Busia Agriculture executive Dr George Mukok said by labeling revival of cotton farming his flagship project, Busia Governor Paul Otuoma had lined up deliberate measures to return the sector to its glorious days of the 1980s.

“We have managed to convince thousands to adopt Bt cotton and are doing some 11, 252 acres of the cotton and are targeting 42,000 acres by the next season,” Dr Mukok says.

Mukok says they adopted the Bt variety from the conventional types like KSL for it was genetically improved to resist infestation by the African bollworm, the single most destructive cotton pest in the country.

The county feels that the new buying prices of Sh250 per kilo of cotton will cut in on illegal cross border trading that was cited by the AFA report which stated farmers from Busia and Bungoma were illegally exporting to Uganda, owing to high prices offered for the crop there.

Farmers say conventional varieties yielded 500 to 700kgs per acre compared to the 1,000 to 2,000kgs when doing Bt cotton.

“I get some value for my efforts after adopting Bt cotton as what I could get from my farm has more than doubled. It is also noteworthy that we today have extension services and subsidised fertiliser from the county and national government, we pray that this continues,” says Emily Ejakaiti, a farmer from Teso North Busia.

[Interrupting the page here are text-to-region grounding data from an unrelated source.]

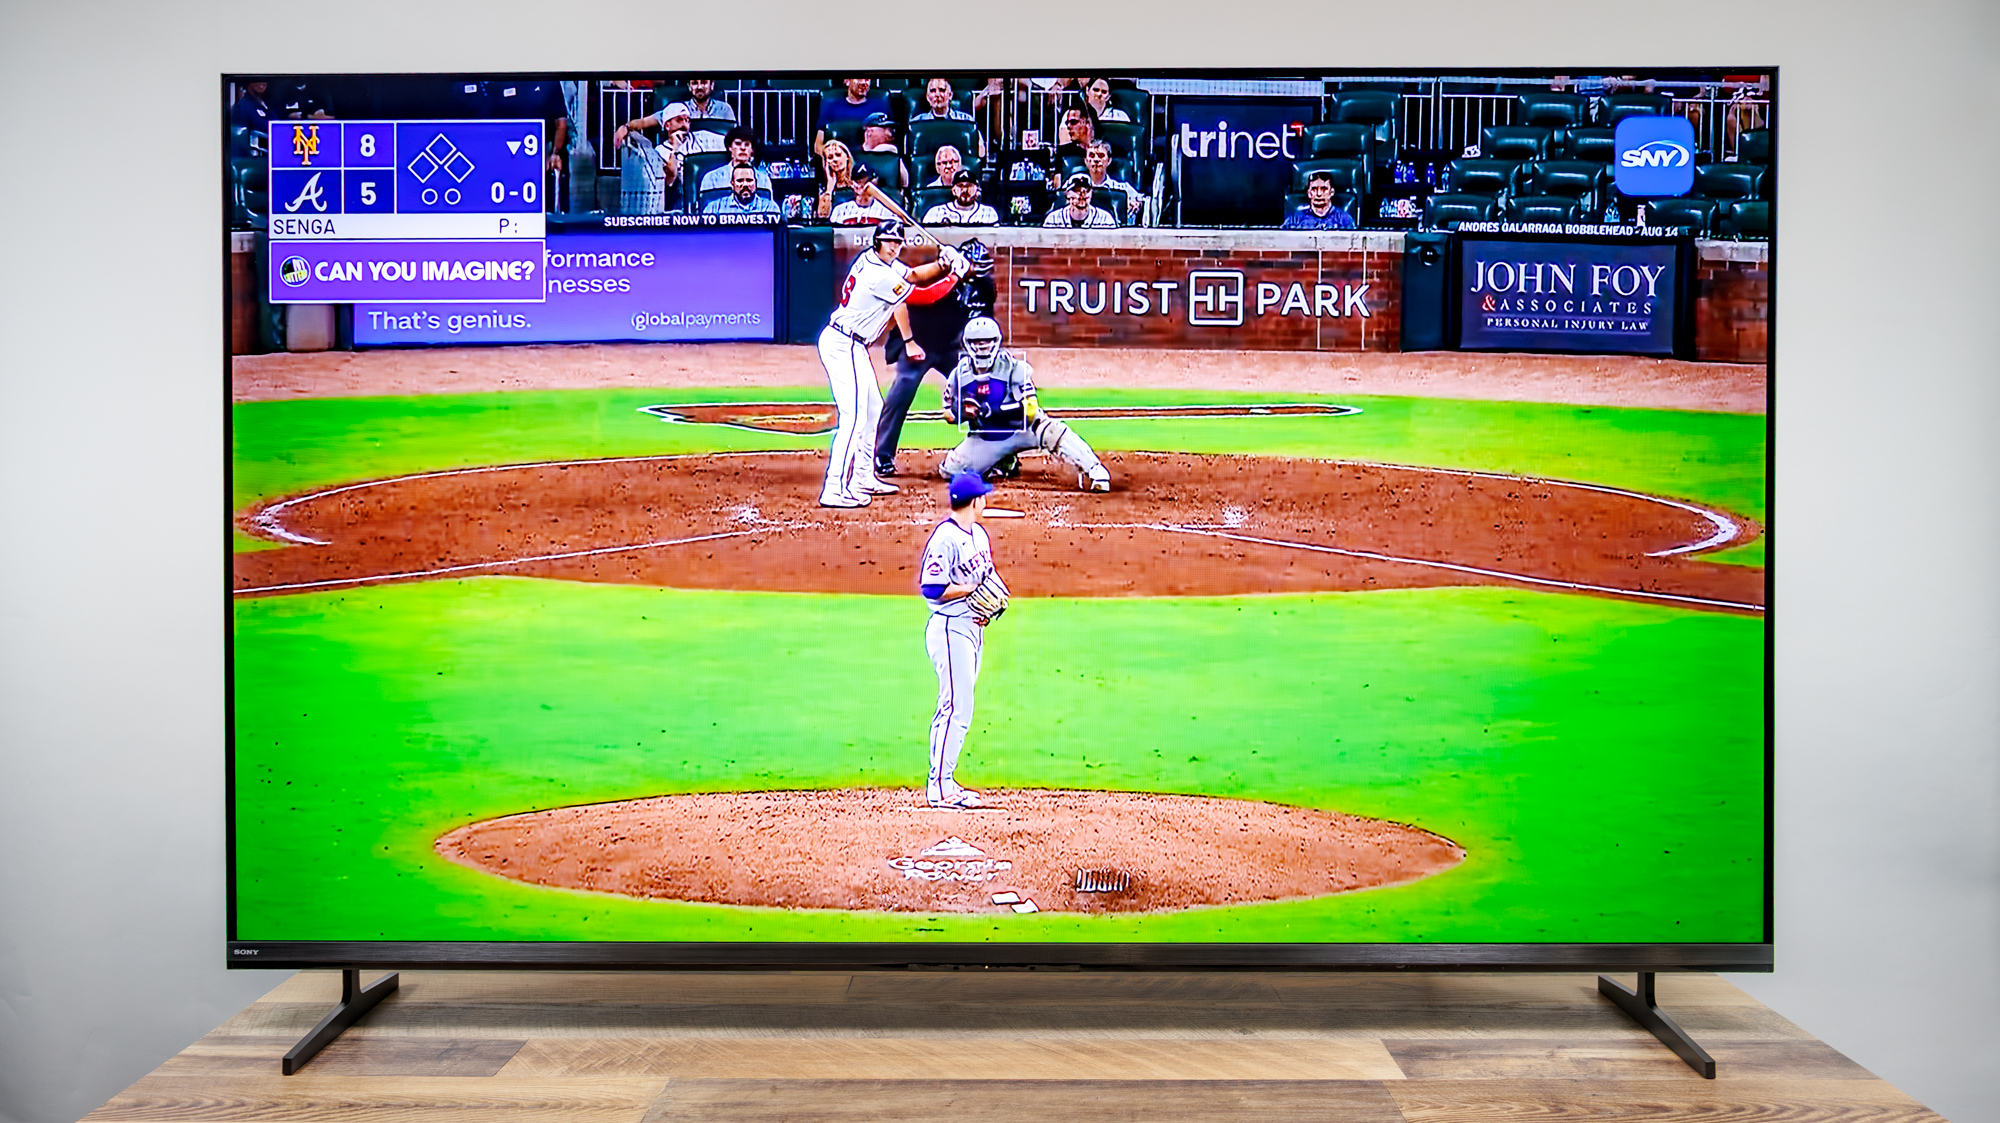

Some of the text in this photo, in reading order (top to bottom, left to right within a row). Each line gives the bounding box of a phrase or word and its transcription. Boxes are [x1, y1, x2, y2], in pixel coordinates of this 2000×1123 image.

[360, 133, 376, 157] 8
[523, 134, 538, 156] 9
[1181, 120, 1297, 159] trinet
[1621, 140, 1690, 167] SNY
[360, 181, 377, 205] 5
[273, 219, 336, 235] SENGA
[604, 214, 781, 227] SUBSCRIBE NOW TO BRAVES.TV
[1458, 221, 1499, 232] ANDRES
[1565, 224, 1633, 235] BOBBLEHEAD
[1640, 225, 1663, 236] AUG
[1664, 226, 1679, 237] 14
[314, 261, 363, 282] CAN
[367, 261, 417, 281] YOU
[422, 260, 536, 281] IMAGINE?
[1470, 261, 1665, 297] JOHN FOY
[1019, 280, 1370, 318] TRUIST PARK
[447, 309, 532, 334] genius.
[1486, 317, 1650, 331] PERSONAL INJURY LAW

Mercelyne Olima is among the team of fresh extension officers tasked by the county to oversee the revival of cotton farming by visiting farmers at the grassroots to ensure they embrace best practice.

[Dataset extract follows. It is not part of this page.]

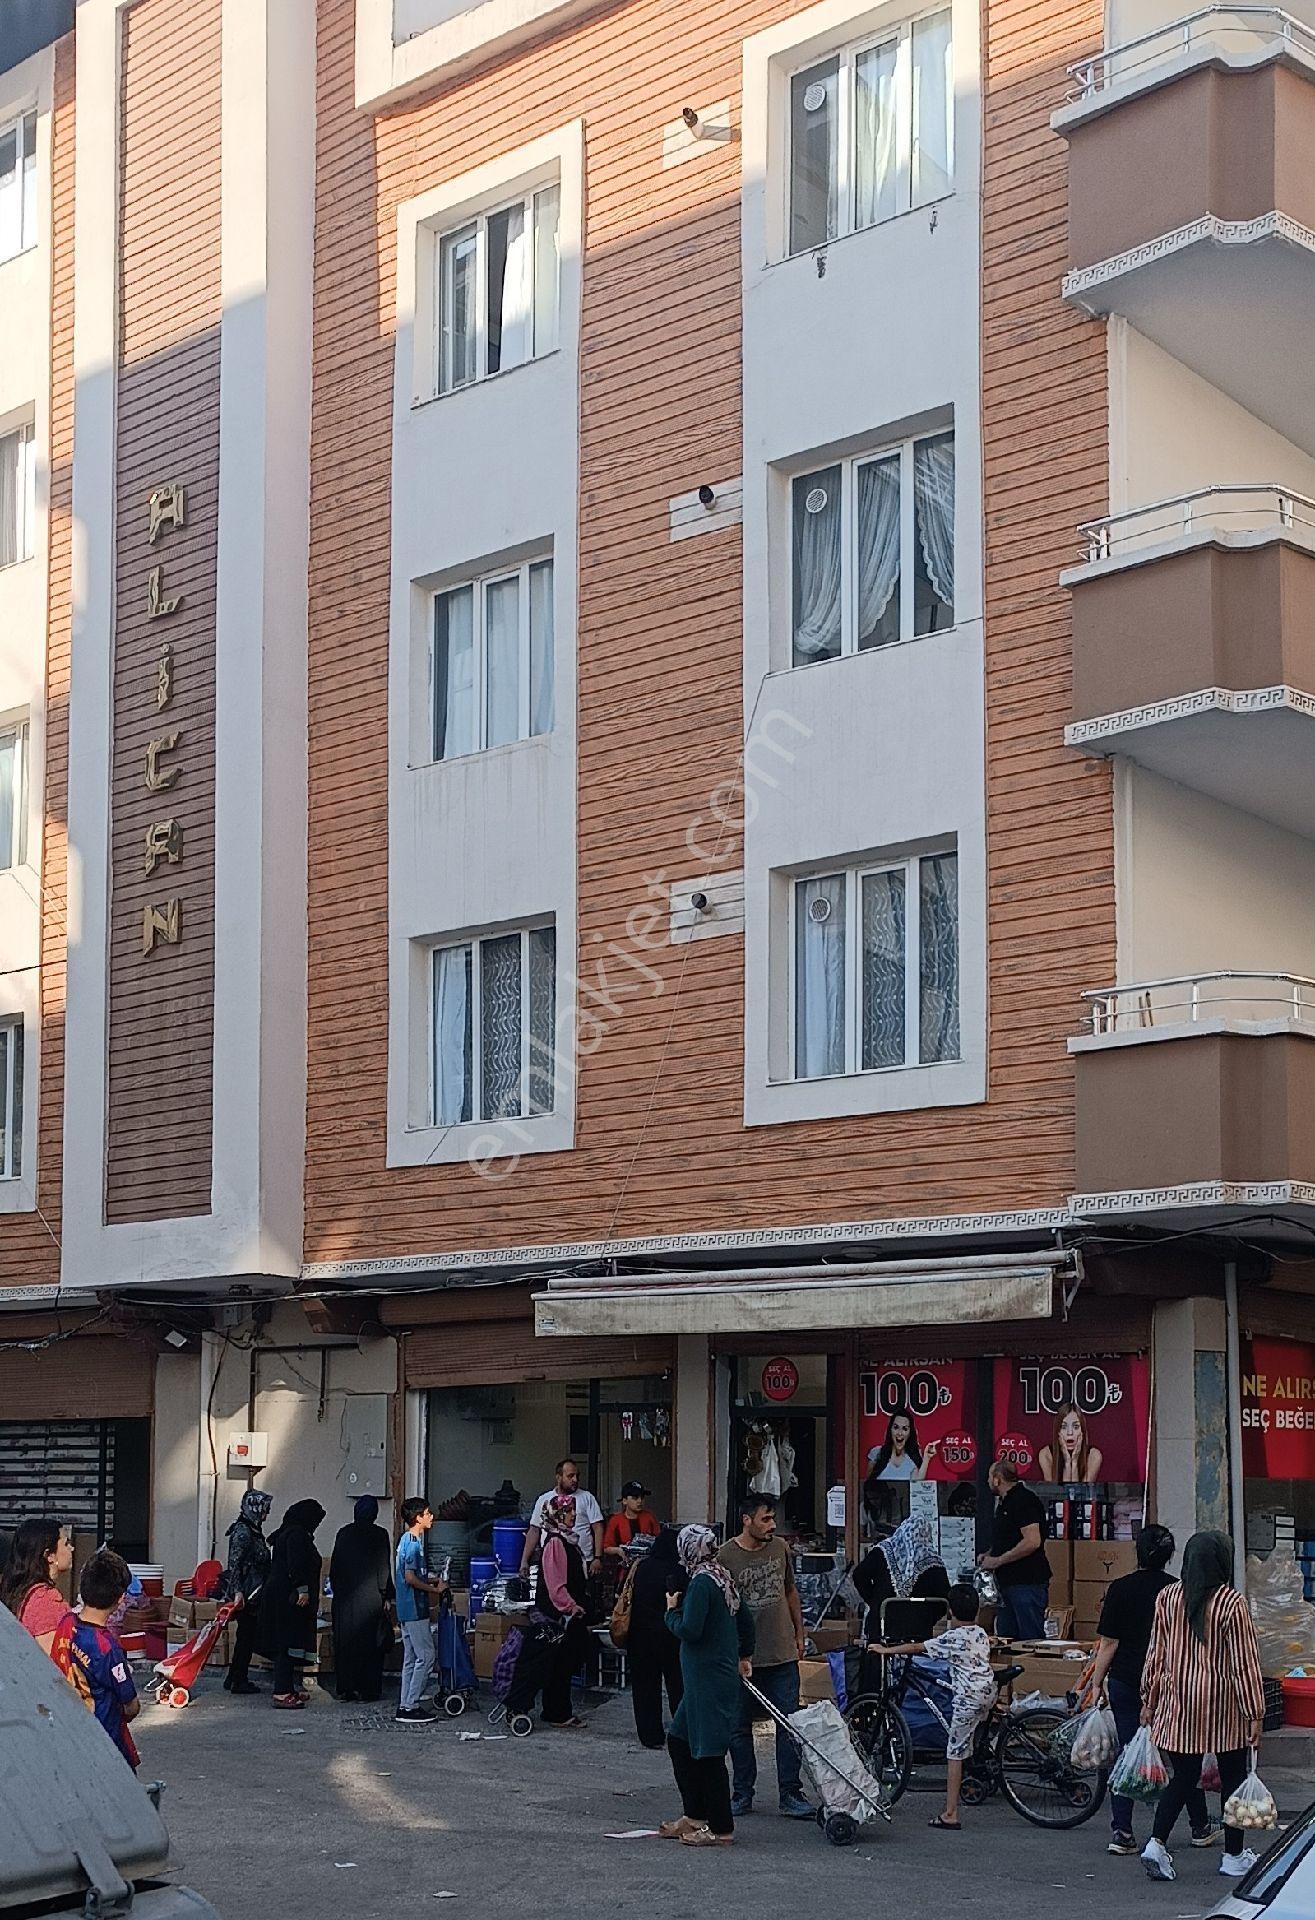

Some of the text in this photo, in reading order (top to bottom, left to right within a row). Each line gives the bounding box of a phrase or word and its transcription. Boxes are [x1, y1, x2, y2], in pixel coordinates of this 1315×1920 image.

[1242, 1374, 1315, 1399] NE ALIR
[1242, 1406, 1315, 1433] SEÇ BEĞE

The AFA cotton Report 2021 lauds such initiatives saying there is need to strengthen group approach to cotton farming, upscaling extension service provision to cotton farmers, providing them with affordable credit and enhancing their abilities to deal with pesticides.

Kalro statistics show that the average yield of cotton in the country is 572 kg/hectares, far below global average. The data shows that cotton is mainly grown by small-scale farmers in marginal and arid areas, on small land holdings averaging about one hectare.